I was thinking about messiness while I was working out yesterday. My little neighborhood gym is a branch of a huge franchise. But it feels very local. Part of what makes it that way is the constant changes in decor, hand-made by the staff.
Right now, the staff has a food bank drive on, and are building a mountain of food in the middle of the gym. If you bring in a bag, you get your name on a paper grocery bag on the wall. [Naturally, I wanted to be up on the big board, so did my duty as I saw it]. They are weighing the food as it comes in, and tracking the total weight on a huge, colorful chart on one wall, with giant painted flowers marking the big milestones of the group effort.
It's the antithesis of a managed environment, but it works.
I was reading this morning an article about the perfect level of messiness. Eric Abrahamson, author of the "The Perfect Mess: The Hidden Benefits of Disorder", says:
"If you devote all your time to organizing, you won’t get anything done. If you don’t spend any time organizing, the resultant mess bogs you down completely. When you find the ‘sweet spot’ between messiness and order, then you have a perfect mess."
Abrahamson extends this idea to over and under organizing at all levels of organization activity. Too tight a strategy or budget doesn't allow for useful messiness, and takes too much effort to maintain anyway.
I think we should also extend this idea to customer environments.
The kind of "slightly messy" environment I described above feels friendly and local. It's in the context of the reliable national chain. You get the best of both worlds.

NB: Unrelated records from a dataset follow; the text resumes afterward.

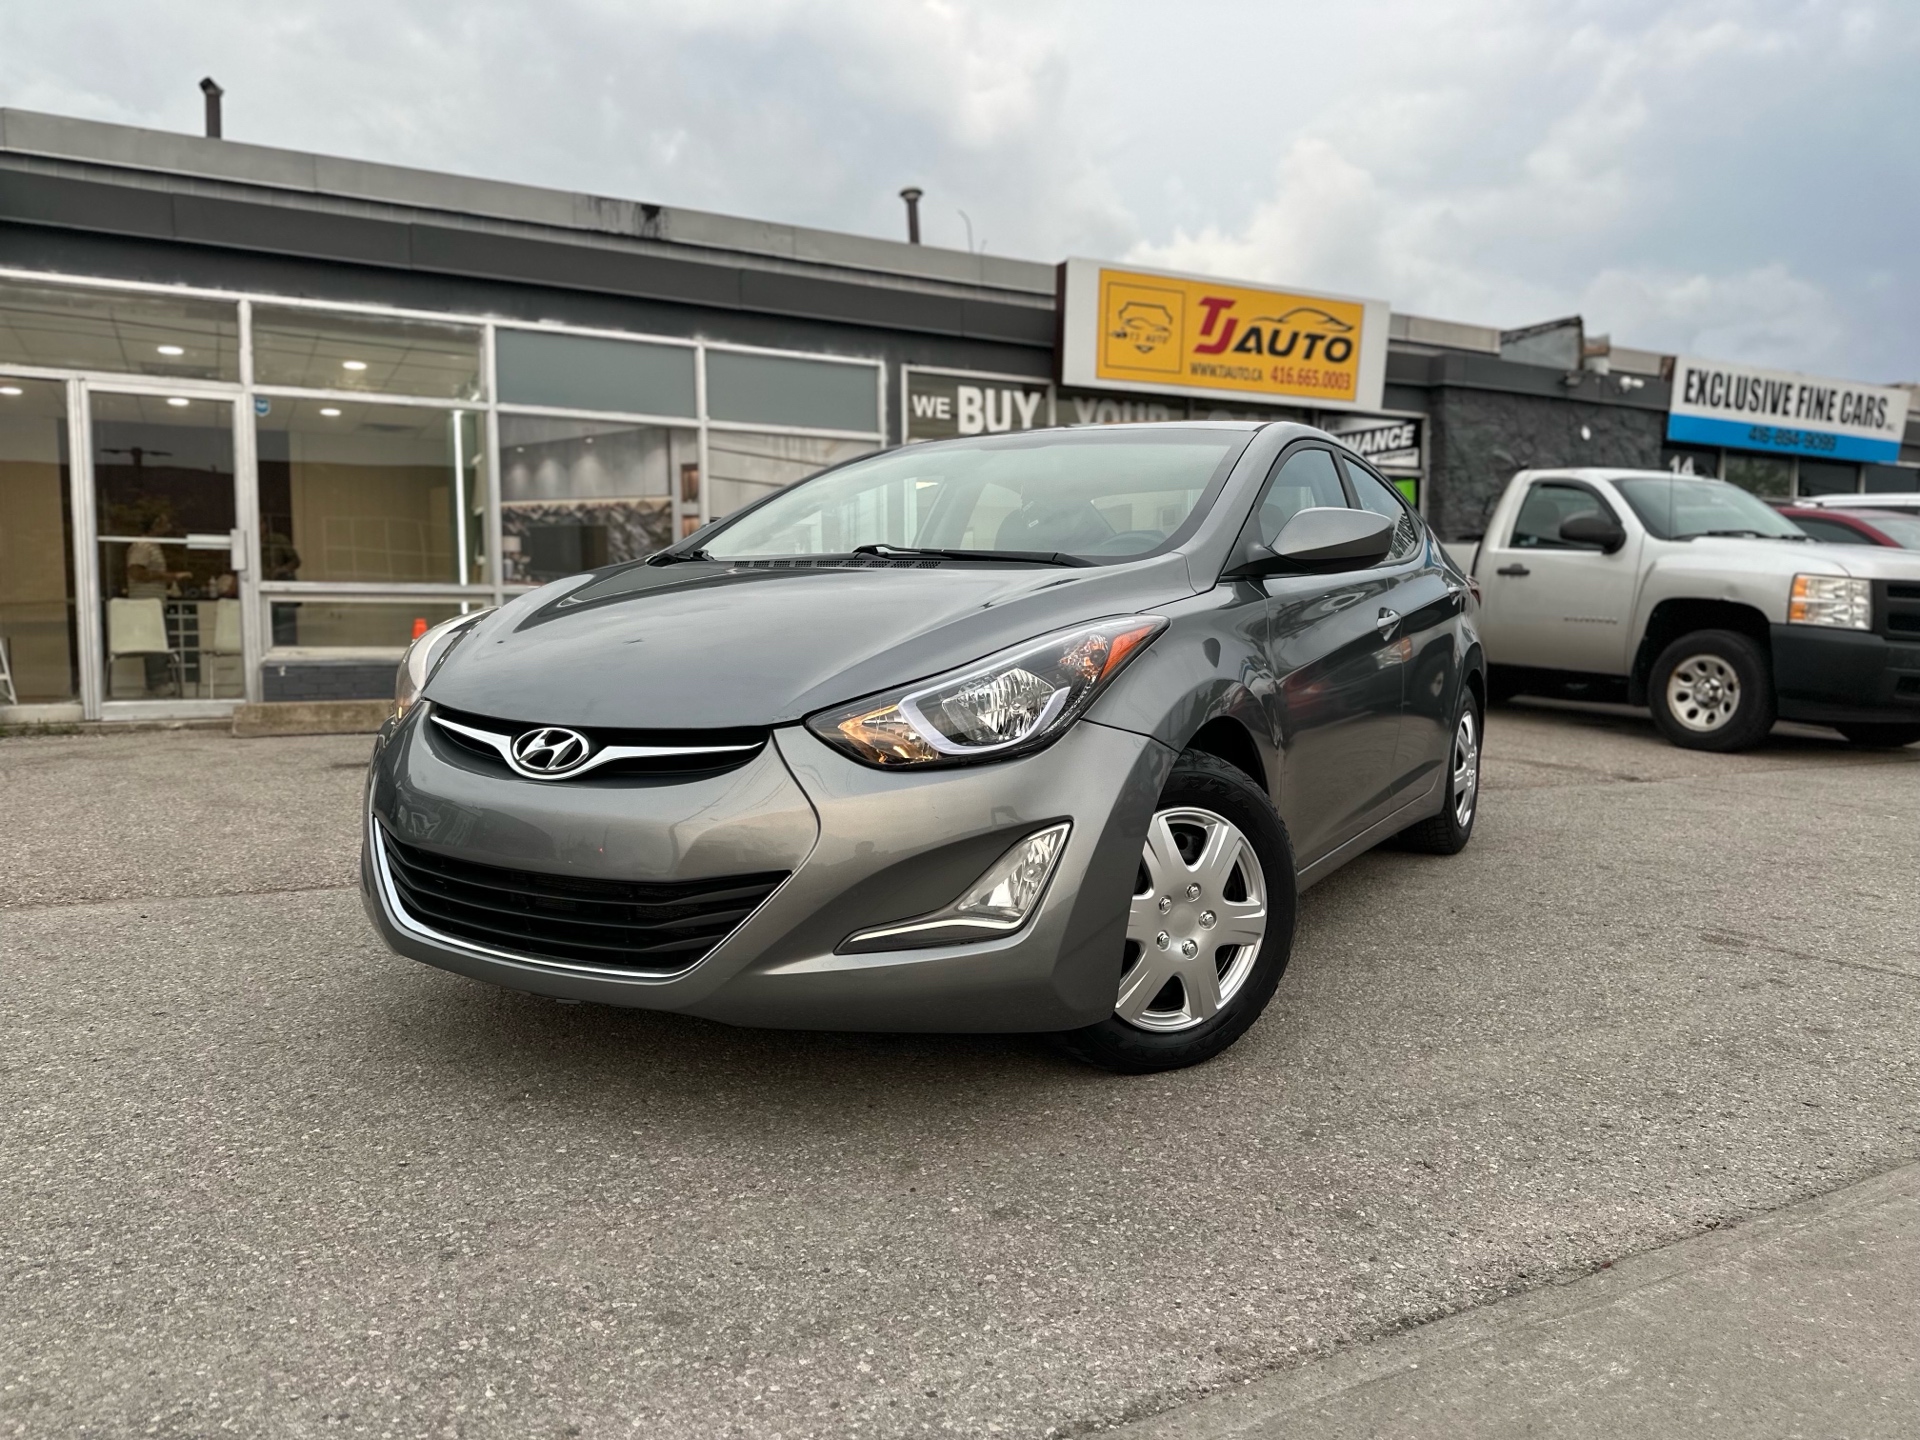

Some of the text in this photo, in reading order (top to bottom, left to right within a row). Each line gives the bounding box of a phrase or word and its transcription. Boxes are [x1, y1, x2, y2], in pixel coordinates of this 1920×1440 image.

[1233, 327, 1353, 363] AUTO
[1271, 365, 1351, 390] 416.665.0003
[912, 394, 950, 419] WE
[957, 385, 1042, 434] BUY
[1684, 368, 1889, 430] EXCLUSIVE FINE CARS
[1669, 455, 1695, 474] 14

I used to be a regional manager of a group of retail bank branches. I was on a mission to clean up the merchandising of the branches, and wanted to put an end to too much mess that was interfering with a clean and orderly customer environment. You couldn't have your collection of crystal animals beside your teller wicket. You could only have one family photo in your office, not a dozen. Every local charity could not put a collection box by your reception desk.
It was a positive change, on balance, but you have to be careful about going too far. If you go too far, what you have is a sterile environment, which is how most bank branches feel to me today. There is no personality there.
There are no painted tulips stuck to the counters in the spring. There is no mountain of donated teddy-bears just before Christmas. In short, no local flavor, and no feeling of personal connection with real people.
The effort to create a consistent environment has created consistent sterility, not consistent warmth and ambiance.
We need to help people find the right balance.